The input
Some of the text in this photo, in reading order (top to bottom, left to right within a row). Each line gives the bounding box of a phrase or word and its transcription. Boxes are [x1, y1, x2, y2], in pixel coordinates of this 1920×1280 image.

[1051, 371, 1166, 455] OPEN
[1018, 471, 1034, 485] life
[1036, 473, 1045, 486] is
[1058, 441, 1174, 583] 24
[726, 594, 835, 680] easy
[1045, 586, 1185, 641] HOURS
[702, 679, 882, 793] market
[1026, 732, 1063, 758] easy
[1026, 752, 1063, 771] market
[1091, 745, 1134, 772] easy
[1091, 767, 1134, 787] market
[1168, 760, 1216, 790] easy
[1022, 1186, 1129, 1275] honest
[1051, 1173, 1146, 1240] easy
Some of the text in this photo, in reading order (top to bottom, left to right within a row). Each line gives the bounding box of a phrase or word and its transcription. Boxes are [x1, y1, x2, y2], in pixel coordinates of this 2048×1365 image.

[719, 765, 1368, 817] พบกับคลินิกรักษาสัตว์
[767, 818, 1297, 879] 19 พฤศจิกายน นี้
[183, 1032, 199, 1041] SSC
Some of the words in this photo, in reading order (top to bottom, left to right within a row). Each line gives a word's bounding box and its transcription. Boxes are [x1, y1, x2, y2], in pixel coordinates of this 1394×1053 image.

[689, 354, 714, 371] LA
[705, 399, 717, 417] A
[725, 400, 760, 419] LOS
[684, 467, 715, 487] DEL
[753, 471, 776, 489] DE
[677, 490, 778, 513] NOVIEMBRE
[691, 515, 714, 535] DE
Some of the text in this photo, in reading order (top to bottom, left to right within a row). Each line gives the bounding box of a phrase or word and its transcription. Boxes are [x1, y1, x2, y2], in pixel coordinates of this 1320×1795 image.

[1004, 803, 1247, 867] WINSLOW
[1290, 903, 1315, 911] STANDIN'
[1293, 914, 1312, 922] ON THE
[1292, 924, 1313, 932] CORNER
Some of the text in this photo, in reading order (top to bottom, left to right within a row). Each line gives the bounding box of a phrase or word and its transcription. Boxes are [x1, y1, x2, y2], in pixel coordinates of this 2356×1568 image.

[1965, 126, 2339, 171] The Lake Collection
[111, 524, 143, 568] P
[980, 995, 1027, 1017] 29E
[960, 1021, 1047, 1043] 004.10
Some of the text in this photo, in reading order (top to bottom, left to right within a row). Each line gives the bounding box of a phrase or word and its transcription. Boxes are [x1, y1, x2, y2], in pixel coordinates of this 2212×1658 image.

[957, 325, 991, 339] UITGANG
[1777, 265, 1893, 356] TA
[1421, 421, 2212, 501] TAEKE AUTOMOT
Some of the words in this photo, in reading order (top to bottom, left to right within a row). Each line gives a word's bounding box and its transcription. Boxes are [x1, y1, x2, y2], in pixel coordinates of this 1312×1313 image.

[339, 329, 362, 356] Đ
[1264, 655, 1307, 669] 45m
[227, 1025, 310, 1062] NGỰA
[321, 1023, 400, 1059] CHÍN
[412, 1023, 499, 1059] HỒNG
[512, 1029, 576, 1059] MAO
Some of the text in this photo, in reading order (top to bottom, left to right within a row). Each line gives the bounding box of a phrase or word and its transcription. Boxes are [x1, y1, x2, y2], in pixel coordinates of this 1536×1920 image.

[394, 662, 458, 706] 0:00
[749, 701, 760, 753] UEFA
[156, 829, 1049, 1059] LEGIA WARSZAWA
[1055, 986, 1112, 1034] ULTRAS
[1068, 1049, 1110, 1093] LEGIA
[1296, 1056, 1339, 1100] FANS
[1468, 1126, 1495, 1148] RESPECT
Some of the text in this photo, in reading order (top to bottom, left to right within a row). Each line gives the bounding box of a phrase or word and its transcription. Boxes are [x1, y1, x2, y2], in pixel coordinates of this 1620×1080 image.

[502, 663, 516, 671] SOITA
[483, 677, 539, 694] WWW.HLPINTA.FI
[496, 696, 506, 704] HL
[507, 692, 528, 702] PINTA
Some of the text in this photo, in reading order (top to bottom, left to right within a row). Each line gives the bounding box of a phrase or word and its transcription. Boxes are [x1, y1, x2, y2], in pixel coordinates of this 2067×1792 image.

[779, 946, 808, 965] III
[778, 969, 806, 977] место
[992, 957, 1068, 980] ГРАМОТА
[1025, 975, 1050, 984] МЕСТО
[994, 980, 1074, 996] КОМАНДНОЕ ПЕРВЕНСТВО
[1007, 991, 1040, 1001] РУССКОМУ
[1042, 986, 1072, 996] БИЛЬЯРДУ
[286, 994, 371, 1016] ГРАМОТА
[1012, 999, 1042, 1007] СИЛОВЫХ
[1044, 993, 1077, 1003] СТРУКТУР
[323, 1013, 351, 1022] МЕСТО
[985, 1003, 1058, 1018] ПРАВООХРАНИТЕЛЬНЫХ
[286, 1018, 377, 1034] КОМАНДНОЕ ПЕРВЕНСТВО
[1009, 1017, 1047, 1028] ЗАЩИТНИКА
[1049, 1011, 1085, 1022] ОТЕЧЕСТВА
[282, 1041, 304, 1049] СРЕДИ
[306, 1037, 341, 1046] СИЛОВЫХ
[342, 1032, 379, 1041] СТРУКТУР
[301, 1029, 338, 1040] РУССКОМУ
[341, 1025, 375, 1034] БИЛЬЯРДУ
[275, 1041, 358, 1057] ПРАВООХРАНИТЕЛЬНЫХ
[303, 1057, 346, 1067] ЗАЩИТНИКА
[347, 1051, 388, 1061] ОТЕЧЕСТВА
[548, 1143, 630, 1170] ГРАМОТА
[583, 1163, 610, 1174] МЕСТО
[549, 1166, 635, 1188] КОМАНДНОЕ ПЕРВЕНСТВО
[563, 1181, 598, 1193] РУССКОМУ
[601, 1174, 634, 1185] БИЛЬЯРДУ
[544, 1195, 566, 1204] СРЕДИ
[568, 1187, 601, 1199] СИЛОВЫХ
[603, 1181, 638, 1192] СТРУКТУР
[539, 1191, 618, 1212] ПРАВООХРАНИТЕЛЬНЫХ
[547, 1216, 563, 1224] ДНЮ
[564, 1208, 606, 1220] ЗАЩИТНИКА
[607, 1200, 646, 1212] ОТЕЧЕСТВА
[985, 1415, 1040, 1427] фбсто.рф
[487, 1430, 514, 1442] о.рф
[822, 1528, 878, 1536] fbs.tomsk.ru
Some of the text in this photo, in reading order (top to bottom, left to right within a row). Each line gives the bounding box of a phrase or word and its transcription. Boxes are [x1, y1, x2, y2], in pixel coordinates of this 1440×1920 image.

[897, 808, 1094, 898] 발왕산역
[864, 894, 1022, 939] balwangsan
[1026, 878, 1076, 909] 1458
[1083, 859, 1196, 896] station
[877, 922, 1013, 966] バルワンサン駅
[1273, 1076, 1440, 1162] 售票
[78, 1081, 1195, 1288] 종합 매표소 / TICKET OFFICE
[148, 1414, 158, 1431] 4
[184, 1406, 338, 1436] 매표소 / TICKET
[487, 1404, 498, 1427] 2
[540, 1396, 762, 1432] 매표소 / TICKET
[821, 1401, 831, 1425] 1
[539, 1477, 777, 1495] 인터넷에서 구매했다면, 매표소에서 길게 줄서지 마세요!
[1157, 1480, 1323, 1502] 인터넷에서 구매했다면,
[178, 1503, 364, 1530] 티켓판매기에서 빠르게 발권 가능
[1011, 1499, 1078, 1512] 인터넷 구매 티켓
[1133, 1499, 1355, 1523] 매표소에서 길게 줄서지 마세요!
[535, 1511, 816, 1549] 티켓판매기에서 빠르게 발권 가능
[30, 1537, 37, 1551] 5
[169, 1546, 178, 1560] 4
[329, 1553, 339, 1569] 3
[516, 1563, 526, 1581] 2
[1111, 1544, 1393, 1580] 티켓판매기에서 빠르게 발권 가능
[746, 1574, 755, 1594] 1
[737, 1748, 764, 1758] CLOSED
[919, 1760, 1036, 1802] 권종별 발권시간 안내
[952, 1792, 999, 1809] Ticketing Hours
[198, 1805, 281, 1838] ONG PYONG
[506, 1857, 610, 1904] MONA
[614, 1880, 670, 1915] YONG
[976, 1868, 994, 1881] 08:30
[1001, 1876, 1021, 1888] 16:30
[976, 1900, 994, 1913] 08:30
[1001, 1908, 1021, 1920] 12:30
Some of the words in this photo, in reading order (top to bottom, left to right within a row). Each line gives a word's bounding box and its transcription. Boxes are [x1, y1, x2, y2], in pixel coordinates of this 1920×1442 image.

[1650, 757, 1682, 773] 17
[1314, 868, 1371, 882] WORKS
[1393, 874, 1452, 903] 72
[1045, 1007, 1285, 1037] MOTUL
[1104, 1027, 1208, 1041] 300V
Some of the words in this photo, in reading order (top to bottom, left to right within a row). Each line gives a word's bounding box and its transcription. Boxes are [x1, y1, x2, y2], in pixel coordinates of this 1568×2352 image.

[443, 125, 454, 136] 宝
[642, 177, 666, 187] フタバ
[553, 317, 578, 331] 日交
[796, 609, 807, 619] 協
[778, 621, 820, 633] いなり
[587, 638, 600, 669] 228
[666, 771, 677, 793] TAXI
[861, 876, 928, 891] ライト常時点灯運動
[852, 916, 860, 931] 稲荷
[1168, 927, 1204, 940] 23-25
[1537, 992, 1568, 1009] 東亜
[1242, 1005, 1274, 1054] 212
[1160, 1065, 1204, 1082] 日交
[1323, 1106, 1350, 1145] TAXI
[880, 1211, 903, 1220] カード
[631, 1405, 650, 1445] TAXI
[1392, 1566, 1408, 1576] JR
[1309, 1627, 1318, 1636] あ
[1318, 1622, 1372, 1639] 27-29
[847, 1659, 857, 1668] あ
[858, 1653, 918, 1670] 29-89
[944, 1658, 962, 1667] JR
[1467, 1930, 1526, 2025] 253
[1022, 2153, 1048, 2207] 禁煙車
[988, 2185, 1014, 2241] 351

Exercise prompt
Beginning at the line that holds "this 1568×2352 image.", copy every line through the end of the entries exactly as given, and only those lines.

Answer for the task
Some of the words in this photo, in reading order (top to bottom, left to right within a row). Each line gives a word's bounding box and its transcription. Boxes are [x1, y1, x2, y2], in pixel coordinates of this 1568×2352 image.

[443, 125, 454, 136] 宝
[642, 177, 666, 187] フタバ
[553, 317, 578, 331] 日交
[796, 609, 807, 619] 協
[778, 621, 820, 633] いなり
[587, 638, 600, 669] 228
[666, 771, 677, 793] TAXI
[861, 876, 928, 891] ライト常時点灯運動
[852, 916, 860, 931] 稲荷
[1168, 927, 1204, 940] 23-25
[1537, 992, 1568, 1009] 東亜
[1242, 1005, 1274, 1054] 212
[1160, 1065, 1204, 1082] 日交
[1323, 1106, 1350, 1145] TAXI
[880, 1211, 903, 1220] カード
[631, 1405, 650, 1445] TAXI
[1392, 1566, 1408, 1576] JR
[1309, 1627, 1318, 1636] あ
[1318, 1622, 1372, 1639] 27-29
[847, 1659, 857, 1668] あ
[858, 1653, 918, 1670] 29-89
[944, 1658, 962, 1667] JR
[1467, 1930, 1526, 2025] 253
[1022, 2153, 1048, 2207] 禁煙車
[988, 2185, 1014, 2241] 351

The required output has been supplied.